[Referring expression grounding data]

* * * * *

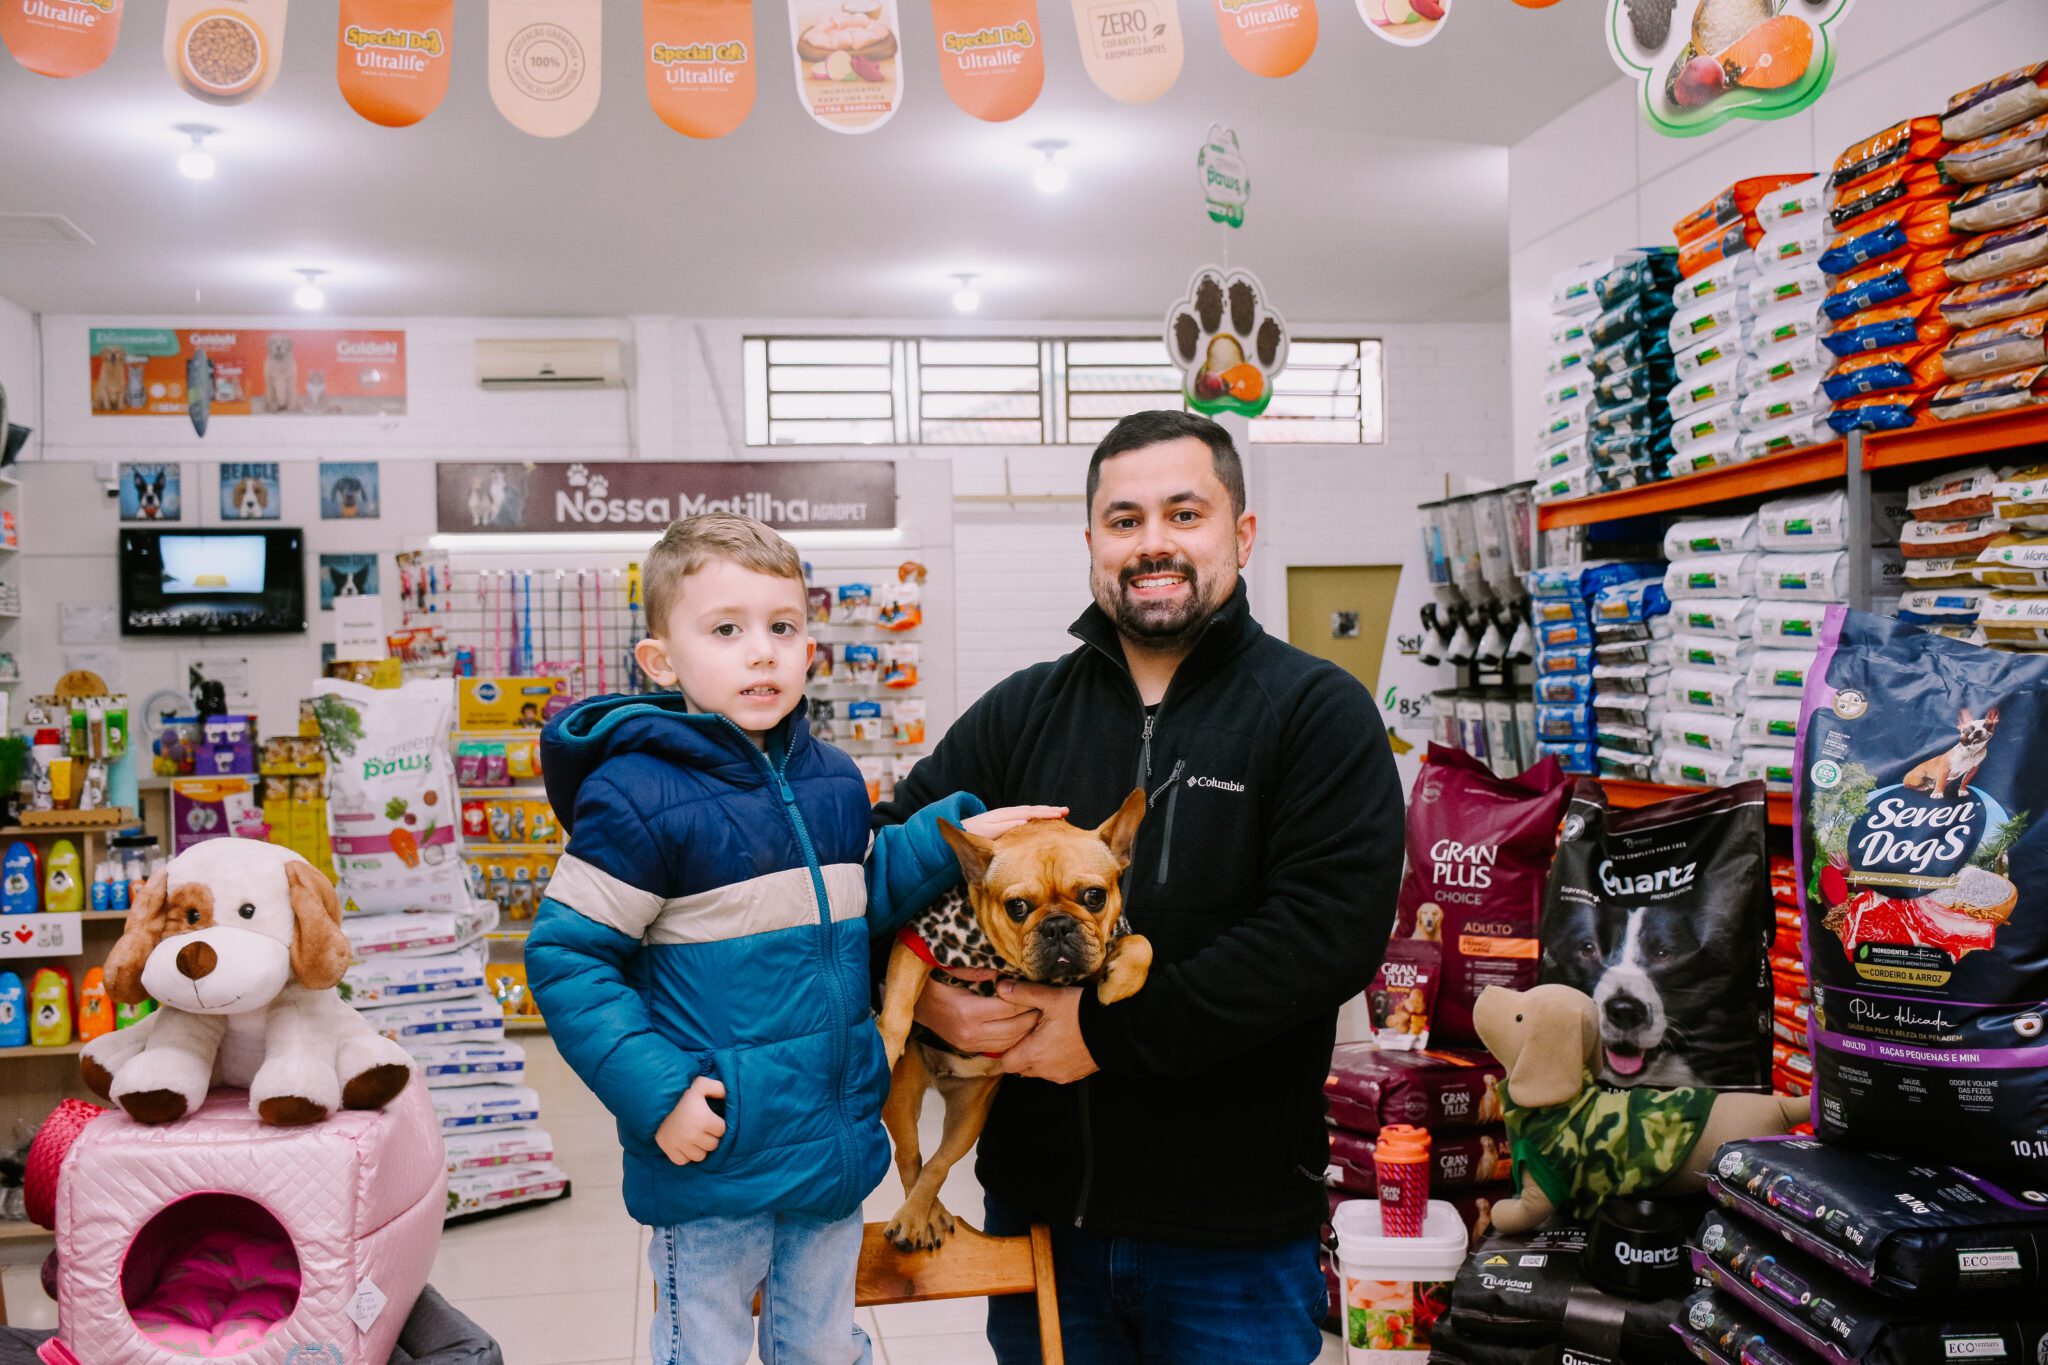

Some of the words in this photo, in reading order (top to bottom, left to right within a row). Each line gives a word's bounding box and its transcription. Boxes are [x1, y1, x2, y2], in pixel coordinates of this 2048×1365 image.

[23, 1, 95, 27] Ultralife
[1236, 4, 1300, 29] Ultralife
[1097, 9, 1147, 37] ZERO
[347, 27, 405, 48] Special
[409, 30, 442, 54] Dog
[946, 29, 1001, 50] Special
[1004, 23, 1034, 45] Dog
[654, 46, 713, 64] Special
[716, 43, 744, 62] Cat
[957, 50, 1023, 70] Ultralife
[355, 52, 425, 72] Ultralife
[530, 56, 561, 68] 100%
[666, 66, 735, 84] Ultralife
[1207, 165, 1241, 193] paws
[556, 490, 670, 523] Nossa
[679, 491, 810, 523] Matilha
[812, 503, 868, 521] AGROPET
[363, 752, 434, 780] paws
[1198, 776, 1245, 792] Columbia
[1867, 797, 1976, 829] Seven
[1430, 839, 1499, 865] GRAN
[1433, 863, 1492, 888] PLUS
[1599, 860, 1697, 896] Quartz
[1846, 874, 1902, 887] premium
[1908, 873, 1963, 892] especial
[1434, 890, 1483, 905] CHOICE
[1464, 922, 1512, 935] ADULTO
[1872, 947, 1909, 956] INGREDIENTES
[1381, 962, 1417, 976] GRAN
[1870, 968, 1906, 979] CORDEIRO
[1908, 972, 1914, 980] &
[1915, 974, 1942, 982] ARROZ
[1385, 975, 1415, 987] PLUS
[1849, 997, 1889, 1022] Pele
[1894, 1005, 1959, 1031] delicada
[1895, 1030, 1917, 1039] BELEZA
[1842, 1040, 1866, 1051] ADULTO
[1880, 1046, 1905, 1058] RAÇAS
[1906, 1051, 1949, 1062] PEQUENAS
[1952, 1054, 1958, 1062] E
[1960, 1054, 1980, 1062] MINI
[1949, 1079, 1965, 1087] ODOR
[1971, 1087, 1991, 1095] FEZES
[1441, 1091, 1470, 1105] GRAN
[1824, 1098, 1841, 1112] LIVRE
[1958, 1094, 1994, 1102] REDUZIDOS
[1444, 1104, 1469, 1115] PLUS
[1440, 1154, 1468, 1167] GRAN
[1443, 1167, 1467, 1179] PLUS
[1381, 1184, 1401, 1194] GRAN
[1383, 1193, 1400, 1201] PLUS
[1845, 1225, 1864, 1246] 10,1kg
[1615, 1241, 1679, 1265] Quartz
[1963, 1256, 1989, 1267] ECO
[1831, 1316, 1851, 1338] 10,1kg
[1949, 1342, 1975, 1354] ECO
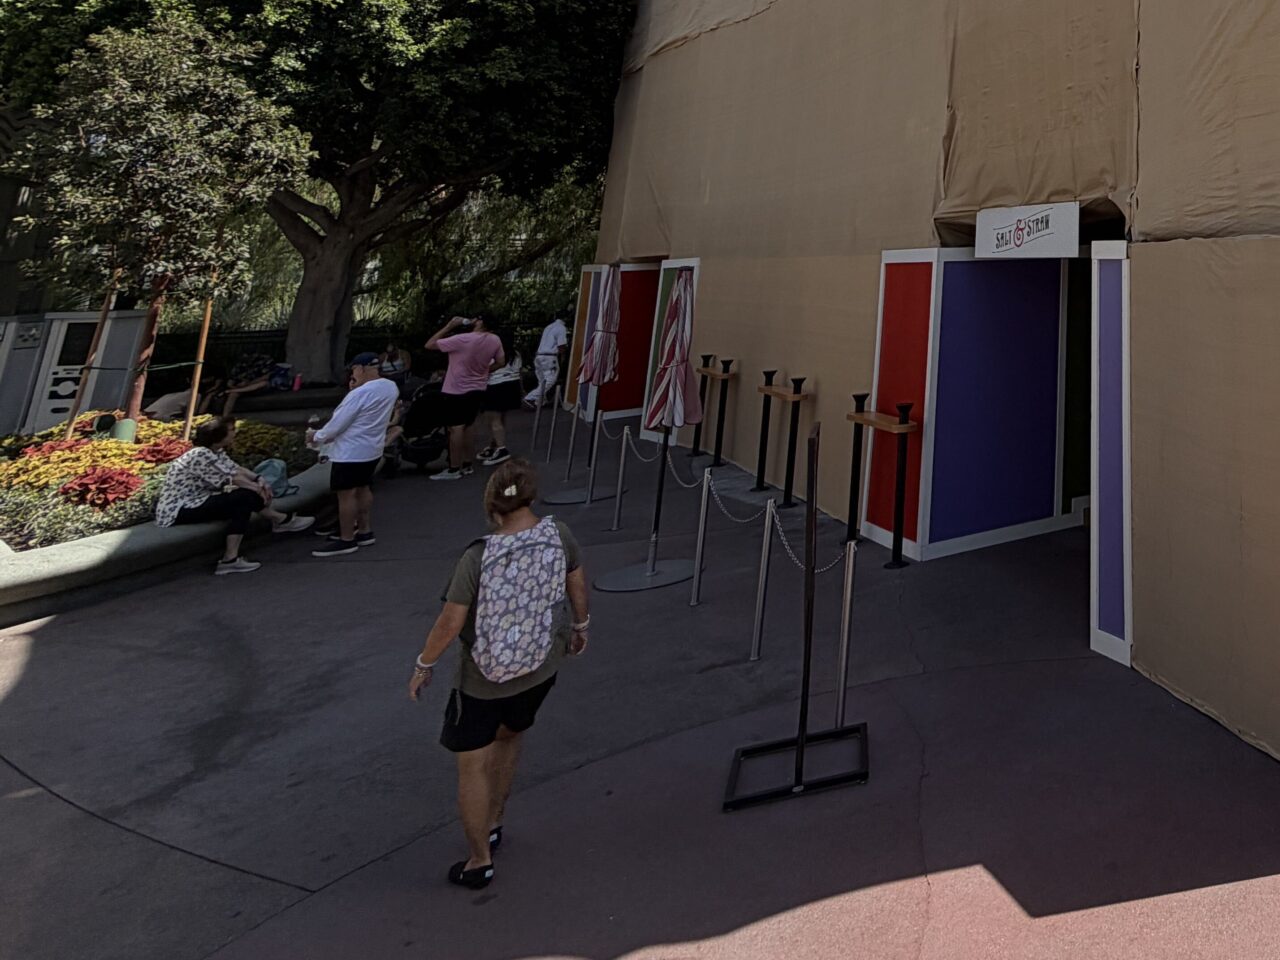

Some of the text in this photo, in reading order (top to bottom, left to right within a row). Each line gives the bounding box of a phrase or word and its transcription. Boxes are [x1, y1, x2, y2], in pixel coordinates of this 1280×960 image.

[996, 214, 1050, 249] SALT & STRAW
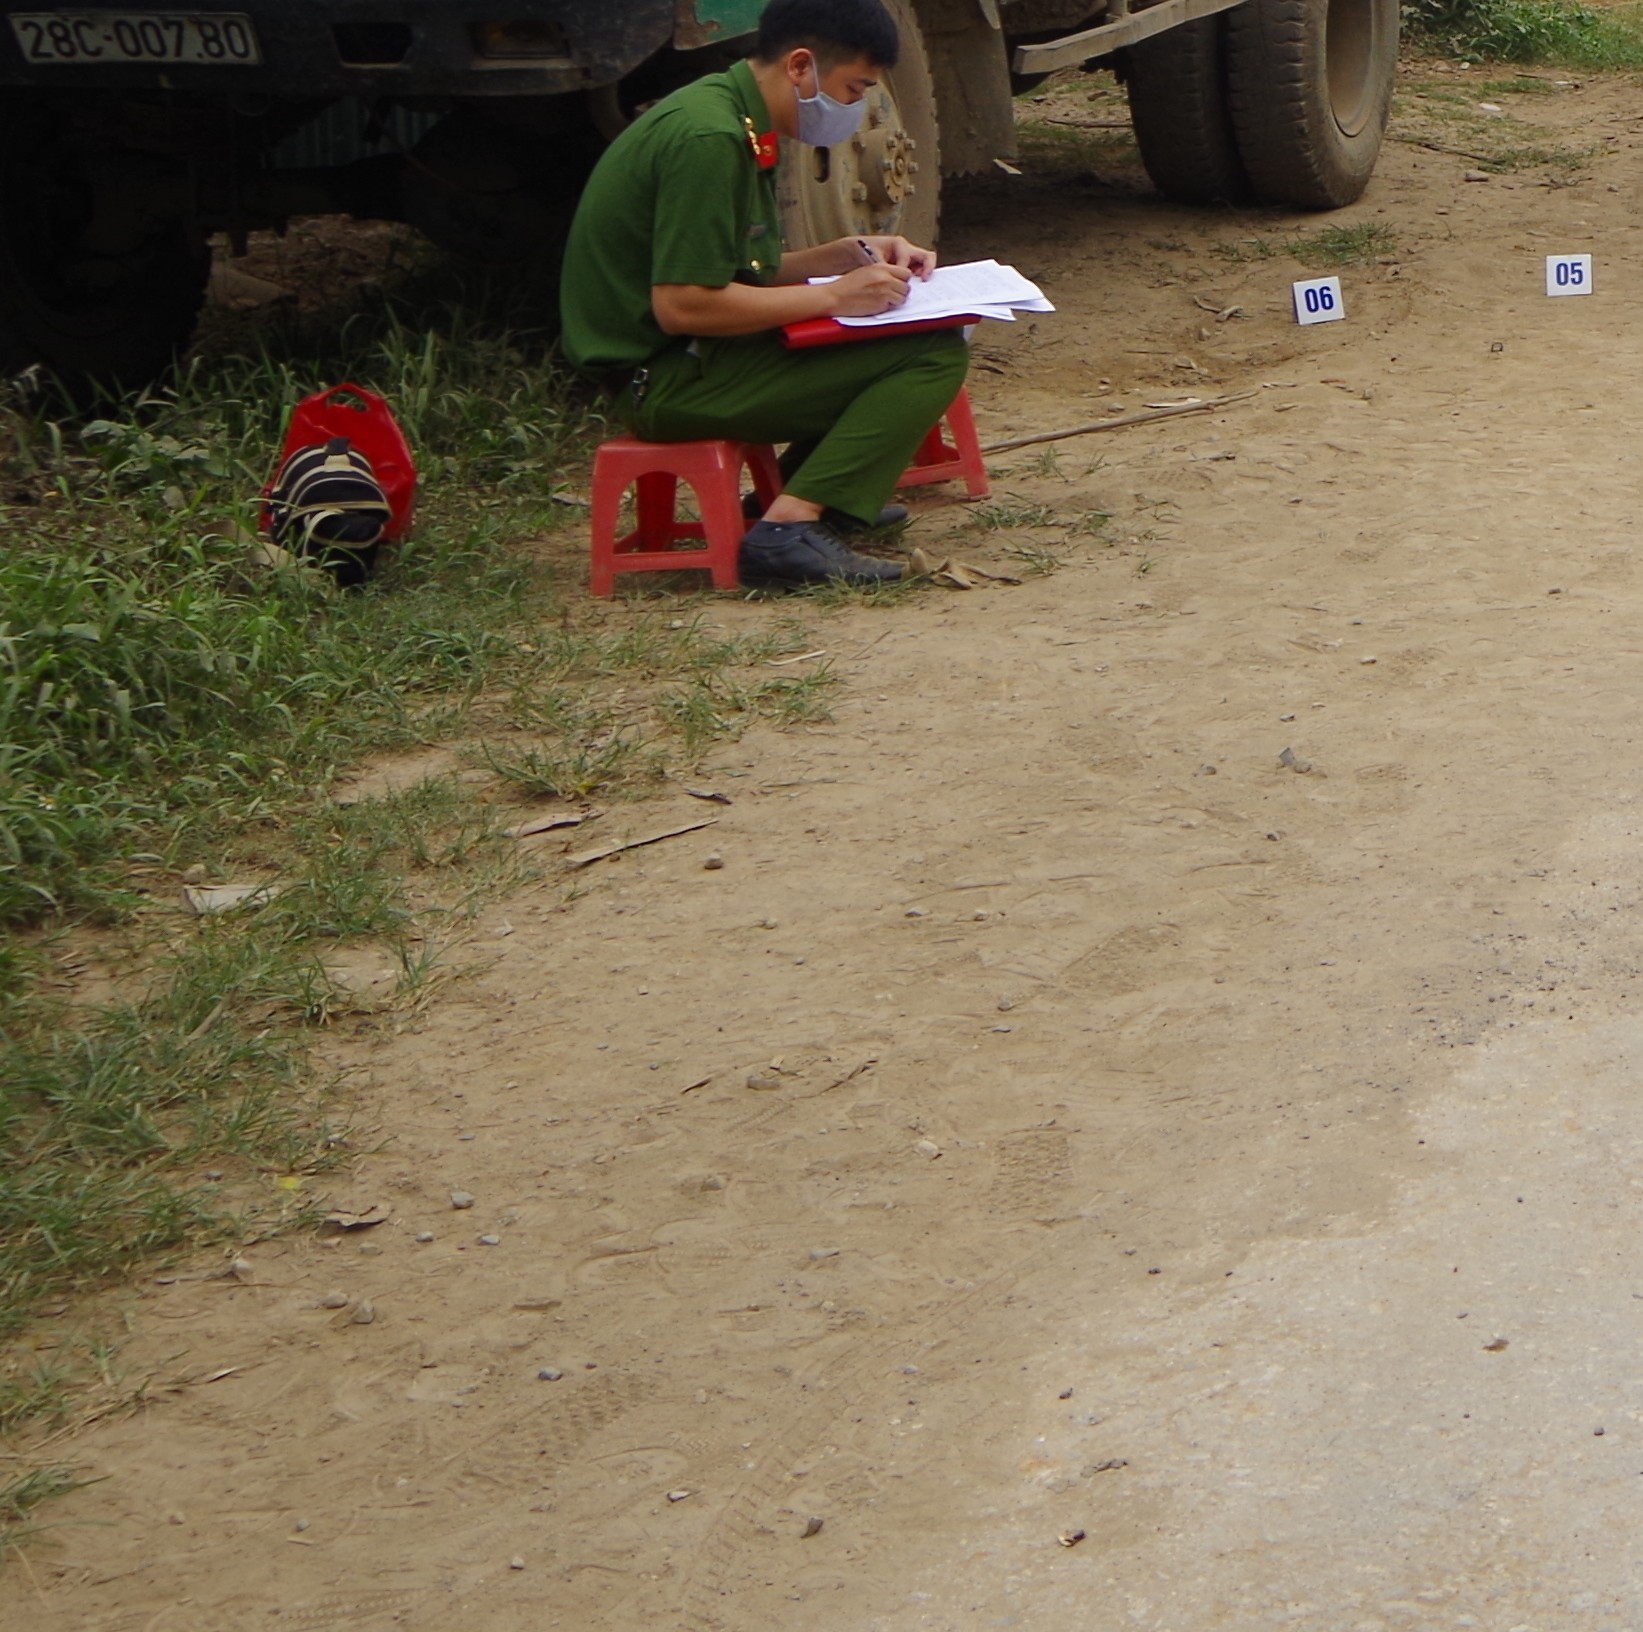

* * * * *

Task description => Give back the lines from the one containing "Some of the text" through the last line of the records above exactly as they appear, both included, and no pictures.

Final answer =>
Some of the text in this photo, in reading order (top to bottom, left to right within a row). Each line gives the bounding box of a phrase or word and its transcription. Boxes are [x1, y1, x2, y2], in pixel coordinates of this 1280×960 image.

[996, 214, 1050, 249] SALT & STRAW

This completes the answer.